▸ **WORK INSTRUCTION**:
A word-for-word copy of every entry below is required; the images do not belong in it.

[Annotated photo localization data]
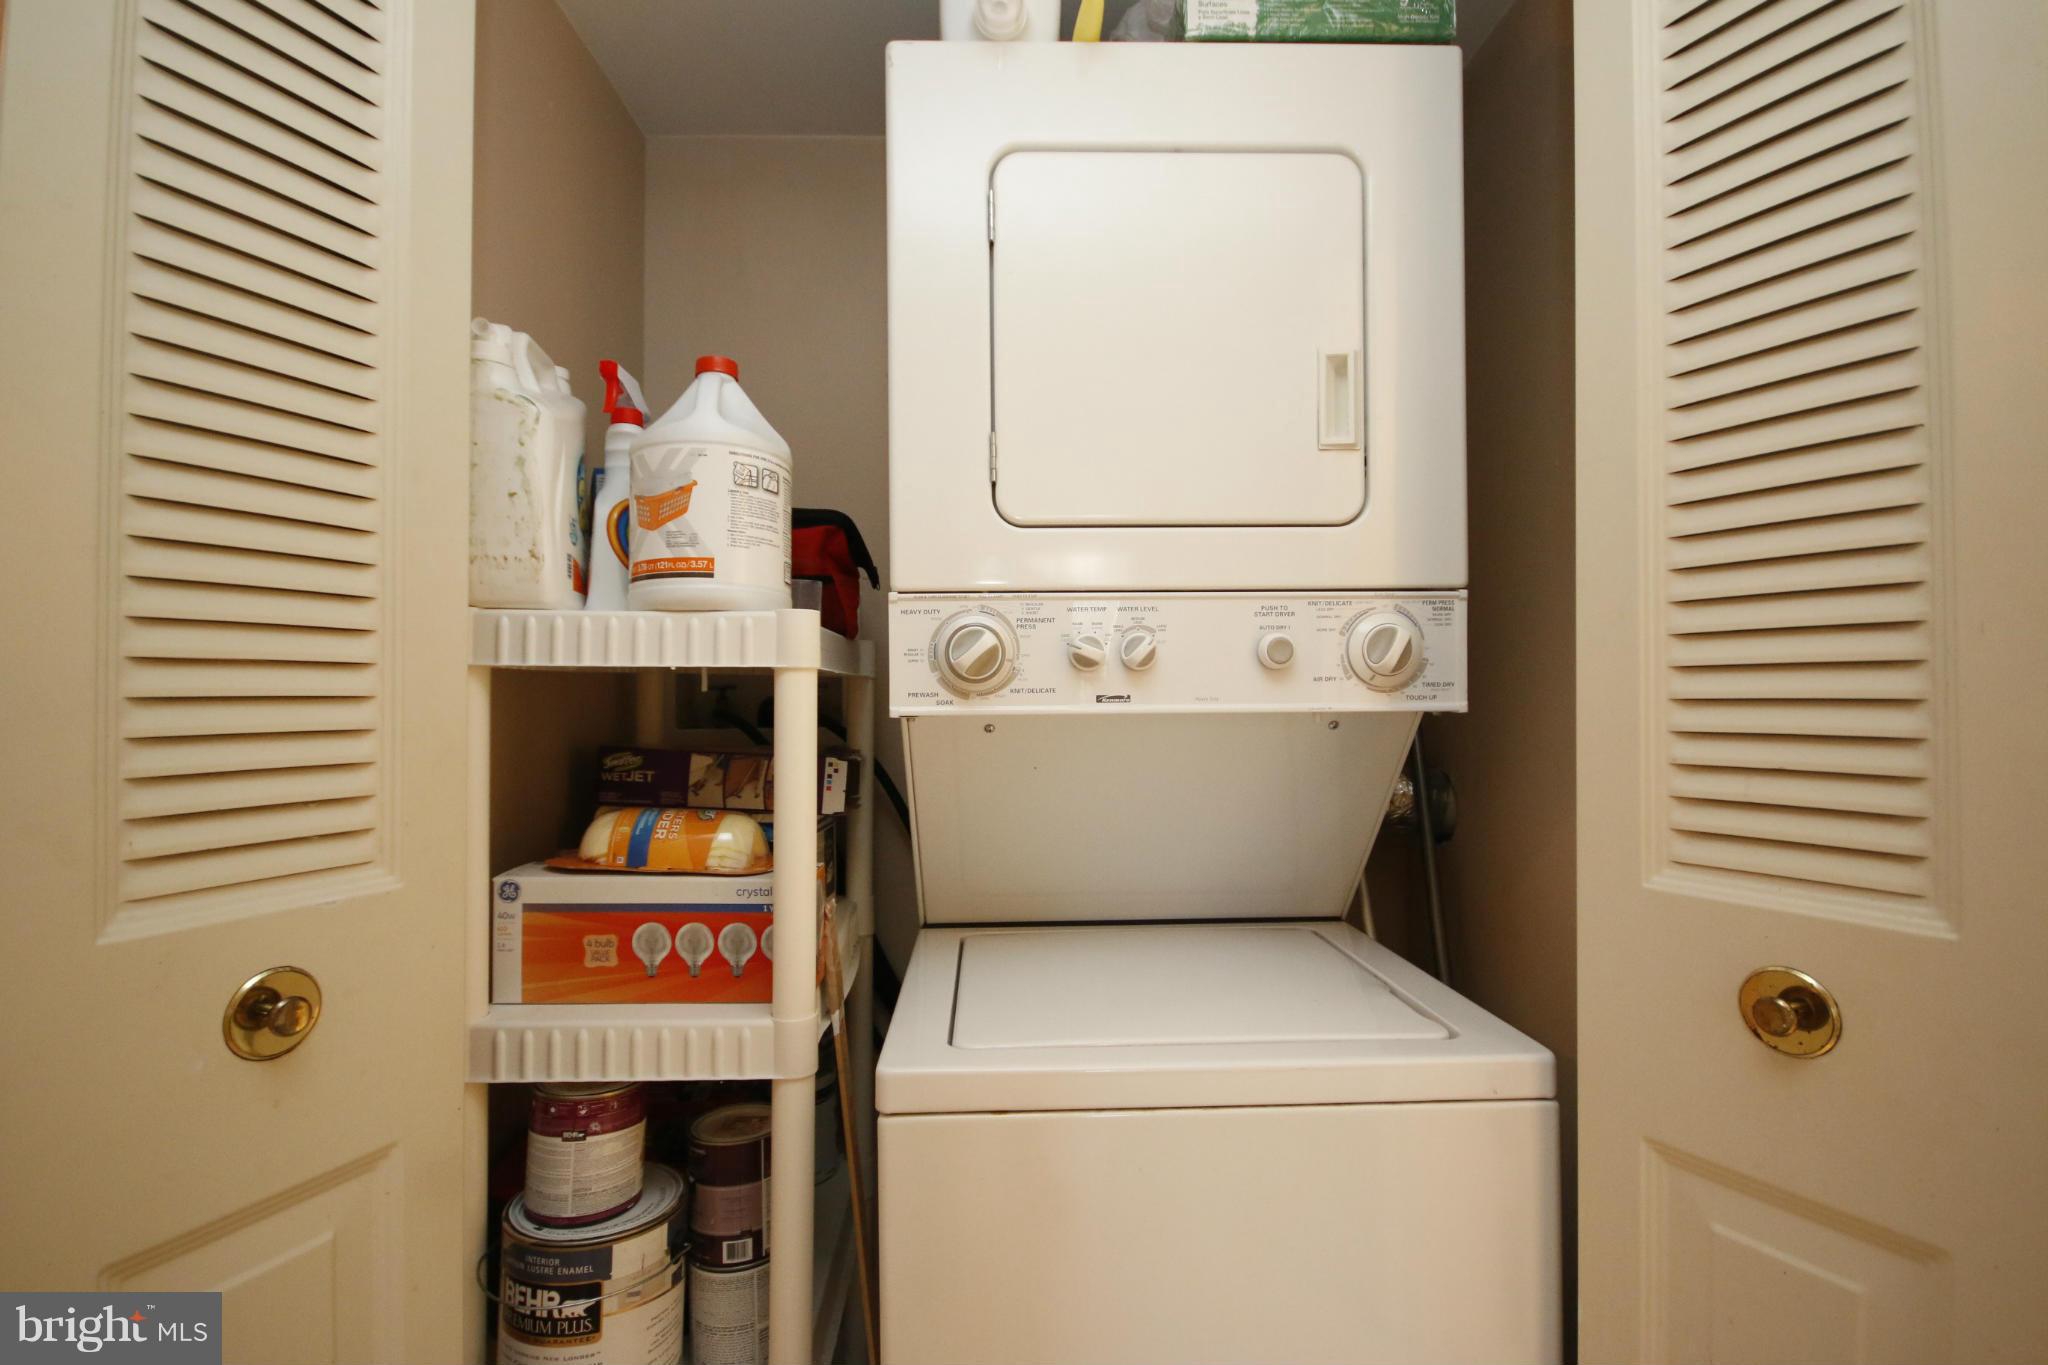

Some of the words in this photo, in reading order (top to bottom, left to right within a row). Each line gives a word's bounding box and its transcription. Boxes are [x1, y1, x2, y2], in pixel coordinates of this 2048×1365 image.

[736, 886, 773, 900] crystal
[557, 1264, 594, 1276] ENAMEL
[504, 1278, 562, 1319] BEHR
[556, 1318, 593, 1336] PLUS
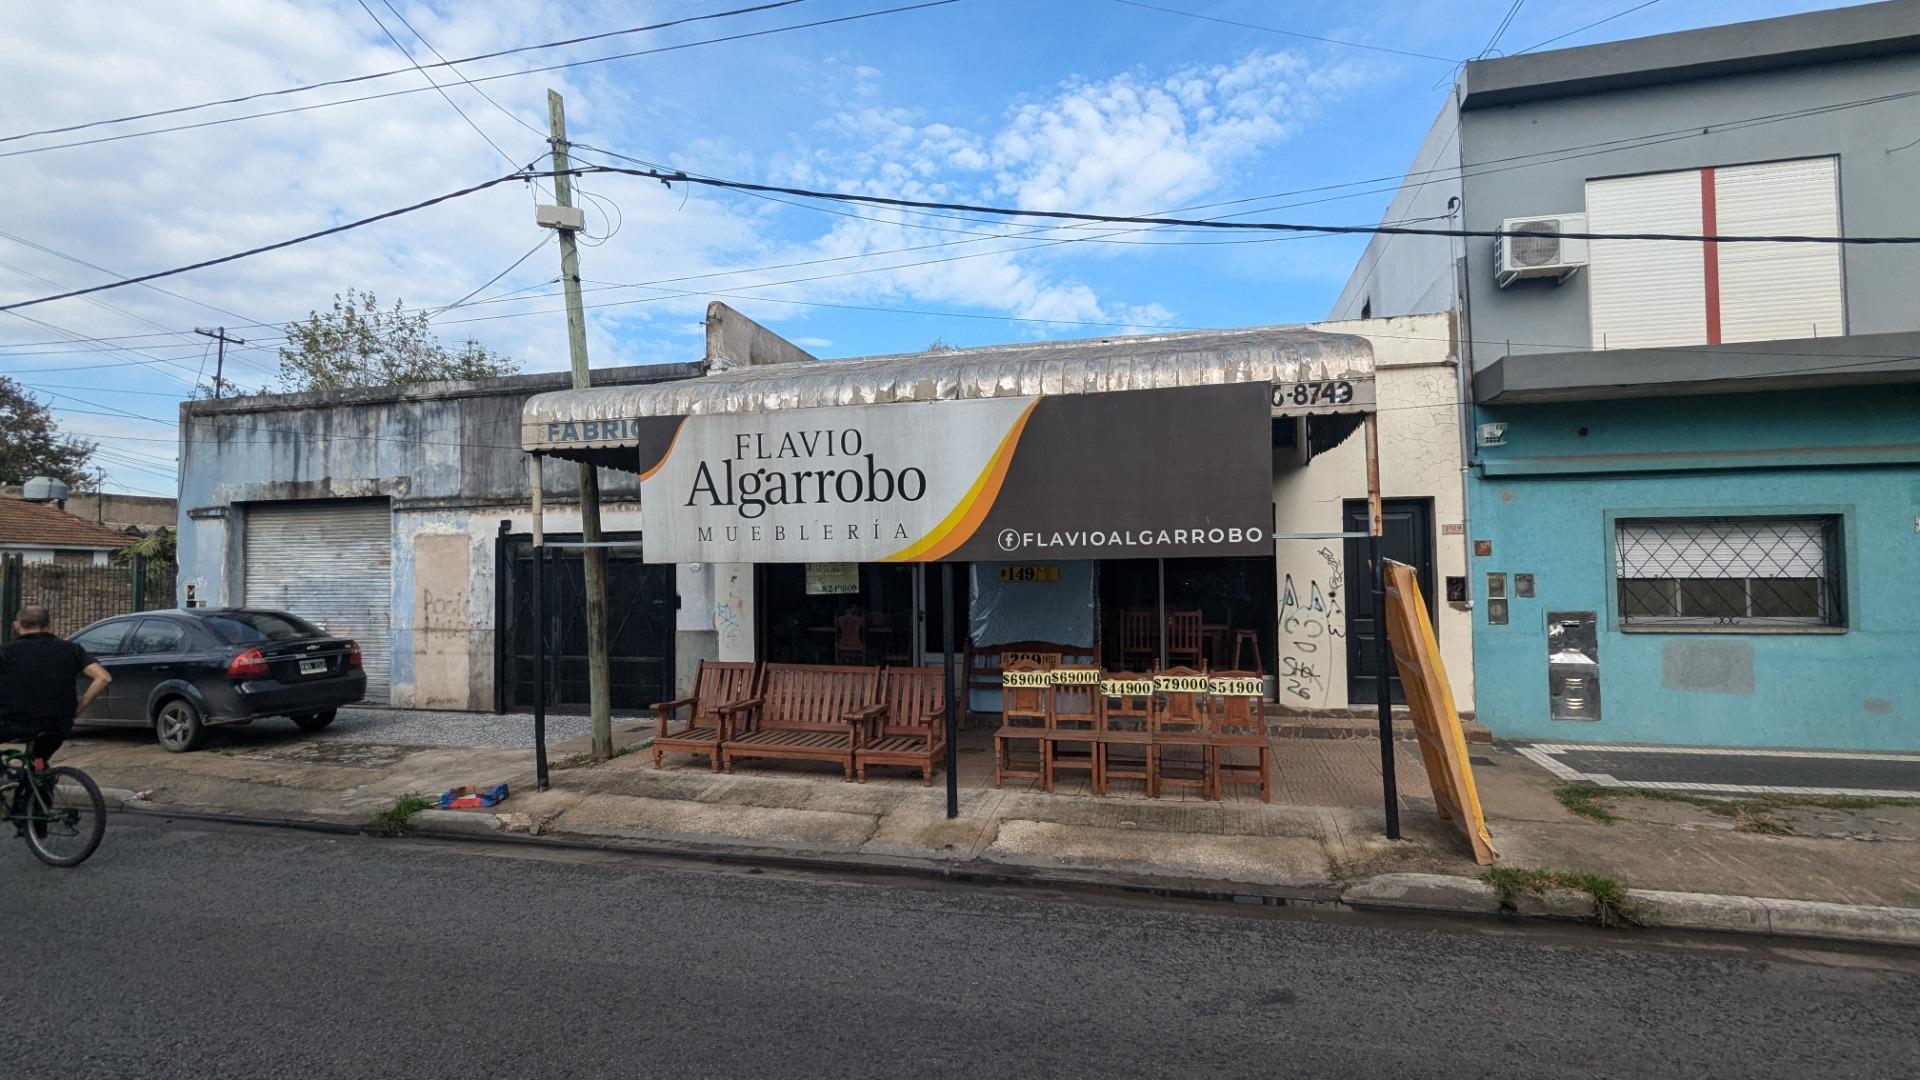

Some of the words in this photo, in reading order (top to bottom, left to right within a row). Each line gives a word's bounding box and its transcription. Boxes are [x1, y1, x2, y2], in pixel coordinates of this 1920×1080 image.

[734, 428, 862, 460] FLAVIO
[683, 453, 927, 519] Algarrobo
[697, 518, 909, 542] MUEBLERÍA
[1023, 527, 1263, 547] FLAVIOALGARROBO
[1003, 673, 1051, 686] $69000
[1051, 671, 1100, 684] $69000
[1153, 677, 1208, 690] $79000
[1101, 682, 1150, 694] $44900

▸ **EXERCISE OUTPUT**:
Some of the words in this photo, in reading order (top to bottom, left to right within a row). Each line gives a word's bounding box and its transcription. Boxes are [x1, y1, x2, y2], in pixel coordinates of this 2048×1365 image.

[736, 886, 773, 900] crystal
[557, 1264, 594, 1276] ENAMEL
[504, 1278, 562, 1319] BEHR
[556, 1318, 593, 1336] PLUS

Some of the words in this photo, in reading order (top to bottom, left to right within a row). Each line gives a word's bounding box and its transcription. Boxes are [x1, y1, x2, y2], in pixel coordinates of this 1920×1080 image.

[734, 428, 862, 460] FLAVIO
[683, 453, 927, 519] Algarrobo
[697, 518, 909, 542] MUEBLERÍA
[1023, 527, 1263, 547] FLAVIOALGARROBO
[1003, 673, 1051, 686] $69000
[1051, 671, 1100, 684] $69000
[1153, 677, 1208, 690] $79000
[1101, 682, 1150, 694] $44900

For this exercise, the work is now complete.